A&E

REVIEW
India Palace's food satisfies palate and soul
KAREN FELDMAN cuisine@florida-weekly.com

The pleasure of a trip to India Palace starts as soon as I open the door and get a whiff of the spices that fill the air - a potpourri of cardamom, cilantro, cumin, fennel and who knows what else. What I do know is that it lifts my spirits before I've even taken a seat.

India Palace is aptly named. The Fort Myers restaurant is an establishment in which one of the world's finest cuisines gets the royal treatment.

(Before we get to the particulars of my most recent visit, an aside:

I know a lot of people who shy away from Indian food out of fear that it will be too spicy or because they have an aversion to curry. To them I say: Get over it. There are plenty of dishes that have no curry (which is really just a mix of seasonings and comes in almost as many variations as the places that serve it) and can be prepared without any heat (of the spice-driven variety) upon request.)

The meal began with papadam, thin crisp wafers studded with black pepper and spices. They serve in much the same capacity as tortilla chips in Mexican restaurants, fried plantains in Cuban cafes and fried noodles in Asian ones: They are something to munch on while you consider the menu.

PHOTO KAREN FELDMAN Indian fare features lots of spices and vegetables. From left, tandoori chicken, bhindi over basmati rice, onion naan and vegetable biryani.
We shared appetizers of onion bhaji and vegetable samosa. The former resembled fried turnovers stuffed with creamy potatoes and peas flavored with just a hint of curry. They were delicious. The bhaji resembled fried fritters containing onions, cauliflower, potatoes and greens. Both were just fine on their own but both benefited from a light dunking in the tamarind chutney, which brought a little sweet and a little sour to the mix. For those with a high tolerance for heat, there's also onion chutney that's served with virtually all meals. It's chopped onions in a red-tinged blend that looks innocent enough but packs about a three-alarm blaze with every bite. A little bit goes a long way.

A lot of the appetizers are fried, so those who limit their intake of fried fare might want to try the gingery lentil soup to start. It's one of my favorites.

Statuary and wall hangings contribute to the authentic feel of India Palace in Fort Myers
Tandoori chicken - well-marinated assorted chicken parts roasted in a clay oven - tastes nothing like curry and, in the case of that served at India Palace, the poultry is moist and flavorful enough to stand on its own. Those who want a little sauce can try tama- rind or fruit chutney, a smooth mint chutney, mild yogurt- based raita or a curry sauce (served on the side and at whatever degree of heat you desire).

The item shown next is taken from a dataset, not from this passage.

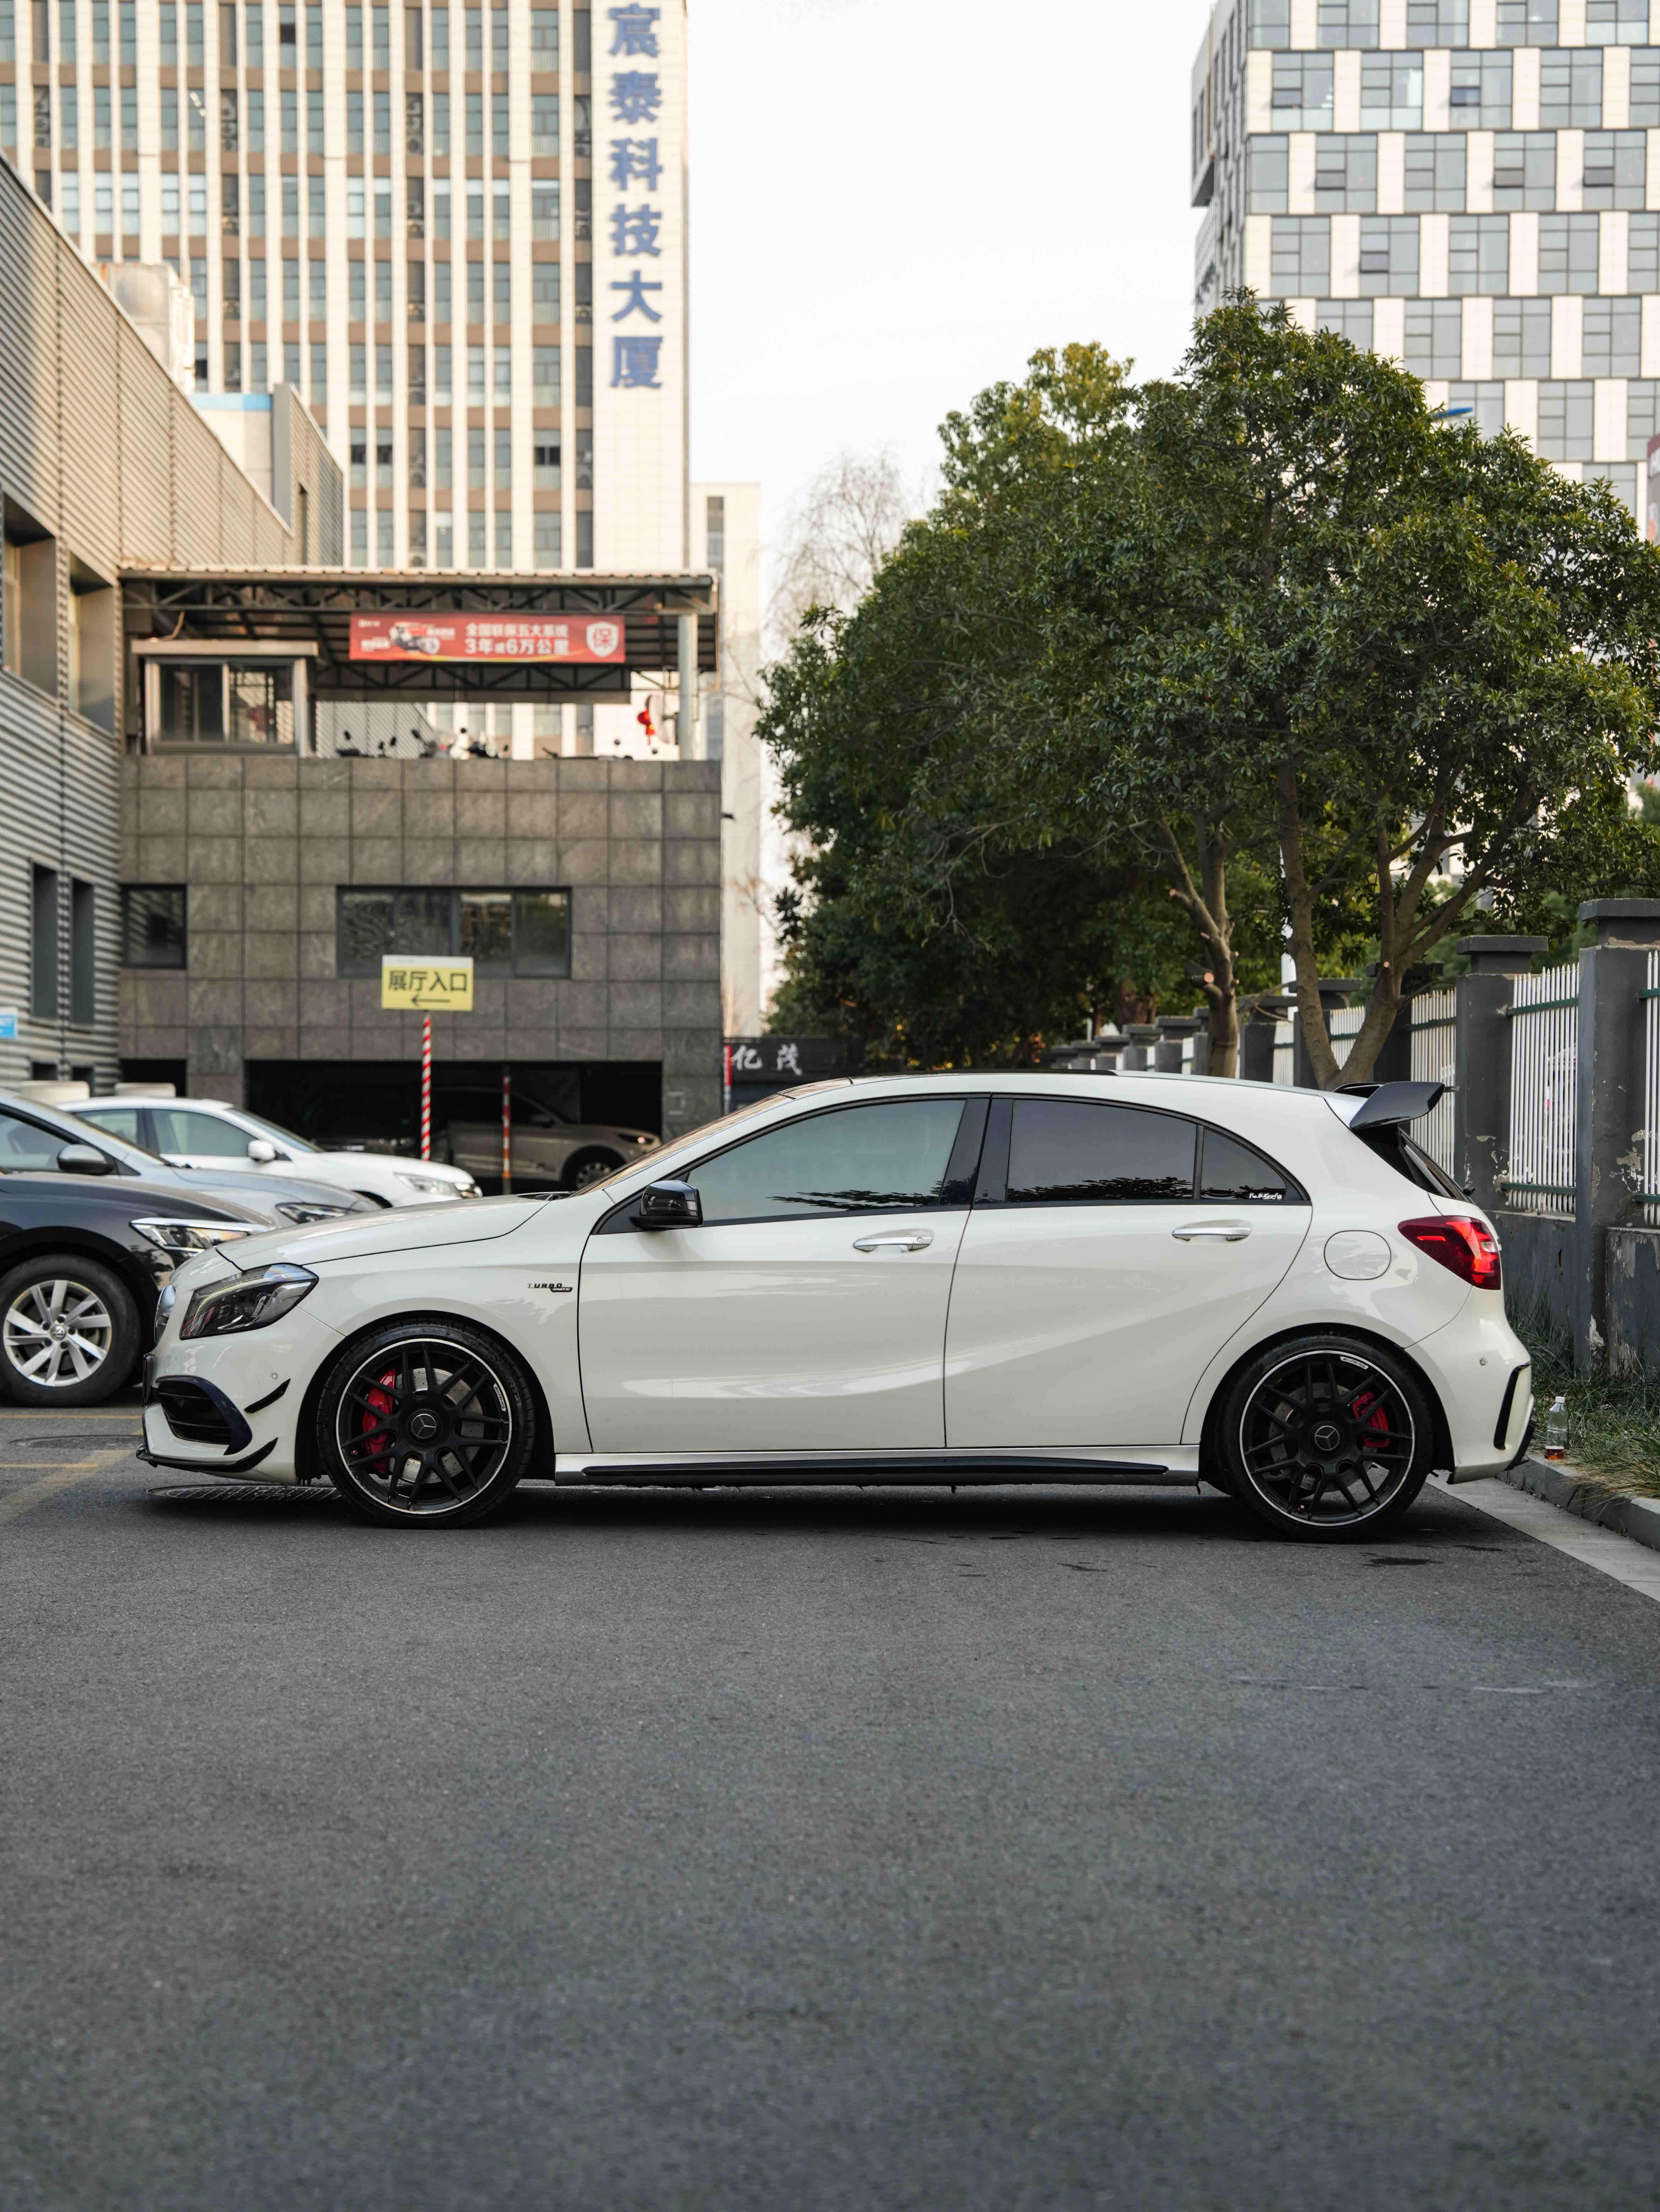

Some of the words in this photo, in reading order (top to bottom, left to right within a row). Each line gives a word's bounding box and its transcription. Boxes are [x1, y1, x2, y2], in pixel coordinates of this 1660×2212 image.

[608, 3, 663, 388] 宸泰科技大厦
[388, 970, 467, 991] 展厅入口
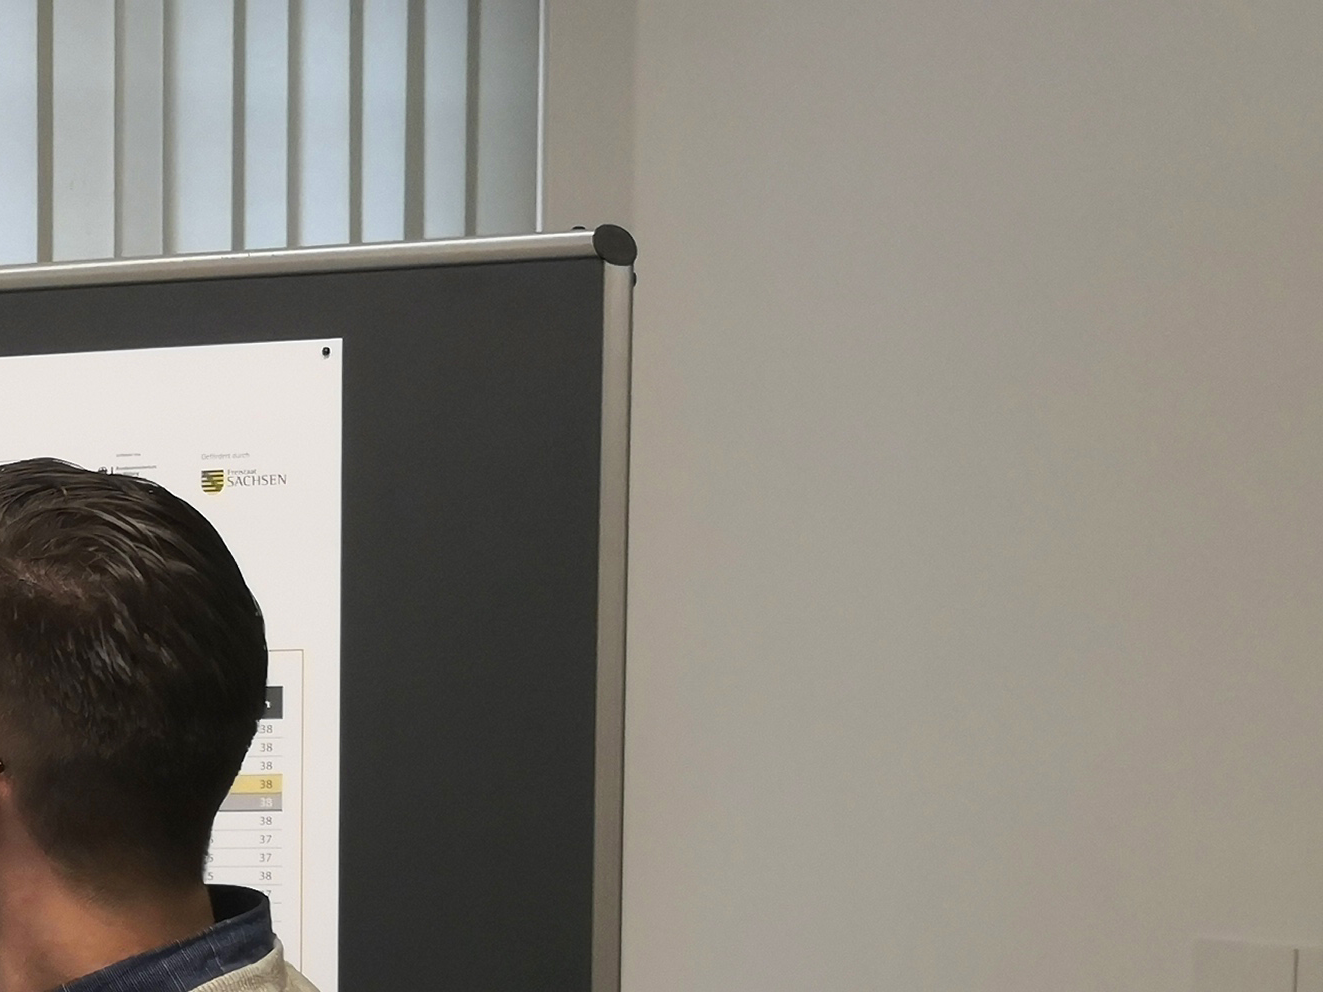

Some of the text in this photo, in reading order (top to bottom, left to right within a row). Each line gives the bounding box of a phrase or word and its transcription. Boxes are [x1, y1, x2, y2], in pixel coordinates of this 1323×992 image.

I enjoyed a mixed tandoori platter, which contained three pieces of chicken tandoori, smaller chunks of chicken tikka, two big shrimp and two sections of lamb kebab accompanied by slices of onion and green pepper. All were moist and well seasoned without being salty. I liked the tamarind chutney with this the best. I shared with my dinner companion and still had plenty of leftovers.

We also tried a plate of vegetable biryani and one of bhindi.

Biryani is a basmati-based dish prepared with any number of accompaniments, including lamb, shrimp and chicken. This version had no meat, but did possess chopped cauliflower, peas and other veggies plus almonds and a well-blended palette of herbs and spices. A bit of raita added some richness to an already noteworthy dish.

Don't ask me how the kitchen accomplishes this, but the okra that dominates the bhindi is cut into bite-sized pieces and cooked to a perfect tender crisp. It's not fried but neither is it the slightest bit mushy. Onions, ginger, tomatoes and still more spices show the okra off to full advantage.

One order of onion naan is enough for most people to share. It's a round flat bread filled with cilantro and onions then cooked in a tandoor. For a milder taste, try the butter naan, which has a very mild flavor.

The final touch was to split an order of gulab jamun, balls of fried dough drenched in a syrup containing rose water and honey. One each afforded a few sweet bites with which to bring the meal to a most satisfying close.

While the food's the star here, the demure dining room and the quiet demeanor of the proprietor and his staff all

add to the pleasure of the meal.

On this evening, the dining room appeared to have brighter lighting than usual, which my companion and I both liked. It enabled guests to get a good look at the wall art: vividly colored canvasses on which were painted figures whose clothing bore rows of sequins and other baubles that glimmer in the light. Indian music plays softly in the background, rounding out the serene nature of the place.

I've dined at India Palace quite a few times and always find everything fresh, expertly seasoned and properly cooked. All that at a place in which the highest priced entrée is $16.95.

India Palace is a place in which you can eat like royalty without spending a king's ransom.